I really don't know what to do next. I'm taking four nights away next week for myself. My own family were supportive initially when I told them but now have told me I'm making a mistake. I feel so alone and fed up.

OP posts:
AgentJohnson · 13/09/2019 09:54

I'm very afraid this is all too late.

Too late for what? To be the person he never was and to fulfil needs in you that he never has?

This is who he is and it sounds like you’ve never fully accepted that and the long term effects that his personality would have on you and your relationship with him.

Zaphodsotherhead · 13/09/2019 09:57

I didn't like to say so before, but now others have raised it....my XP was ASD and sounds very very similar (even down to the parents who gave no affection, probably because his father appears to be undiagnosed ASD too).

But it's not something that can be overcome, only accommodated, in my experience. i wasn't prepared to go the next forty years without a hug, yet be expected to sympathise with his every ache or pain.

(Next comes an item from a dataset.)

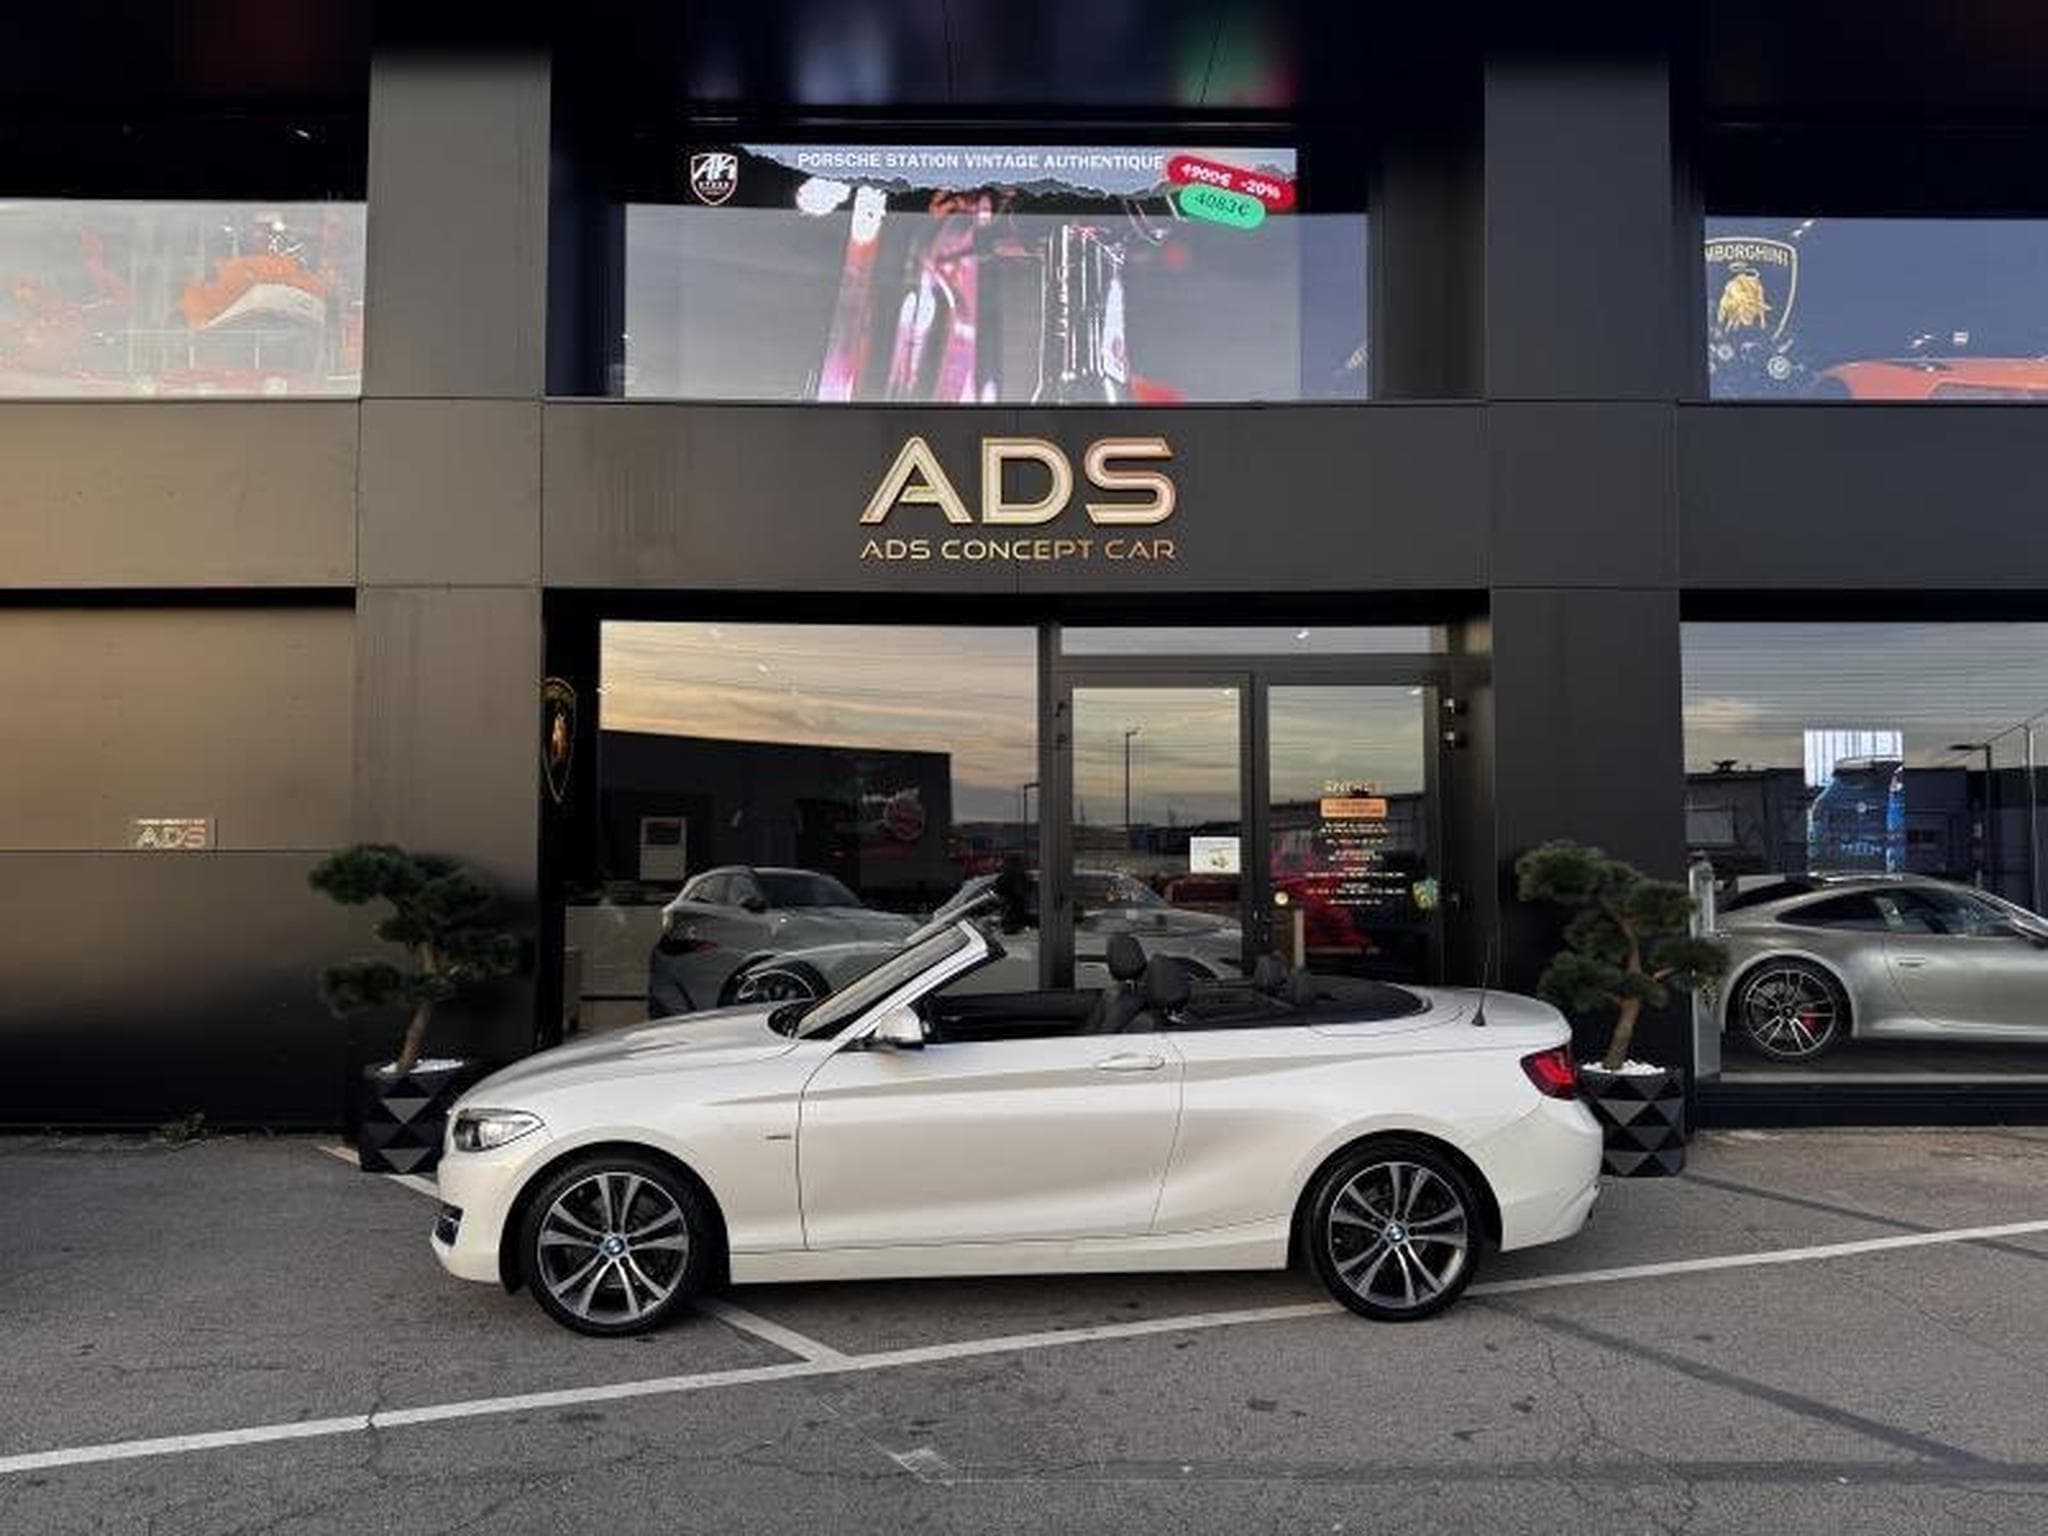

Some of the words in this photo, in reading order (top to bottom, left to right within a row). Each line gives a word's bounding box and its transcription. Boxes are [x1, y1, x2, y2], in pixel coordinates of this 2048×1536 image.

I know I am better off alone than with someone who was happy with a status quo that left me feeling lonely.

Watchingthyme · 13/09/2019 10:04

People just don’t change. You have to accept who he is or leave really. You can’t live like you are now. It’s just limbo

CIareIsland · 13/09/2019 10:08

I agree this is who he is. This is the limit if his emotional capability - he either can’t not won’t - doesn’t matter as the outcome is the same.

You are not compatible now.

He maybe his numb demeanour met your needs temporarily when you came out of your abusive relationship - he was a safe neutral landing place. But as life carried on you needed more than he can give.

It sounds suffocating, unsatisfying and distressing for you. No way to live. No way for your child to be brought up in this tumble weed emotional environment.

You are flogging a dead horse - stop - and redirect this energy to acceptance and moving on a brighter, lighter, joyous future.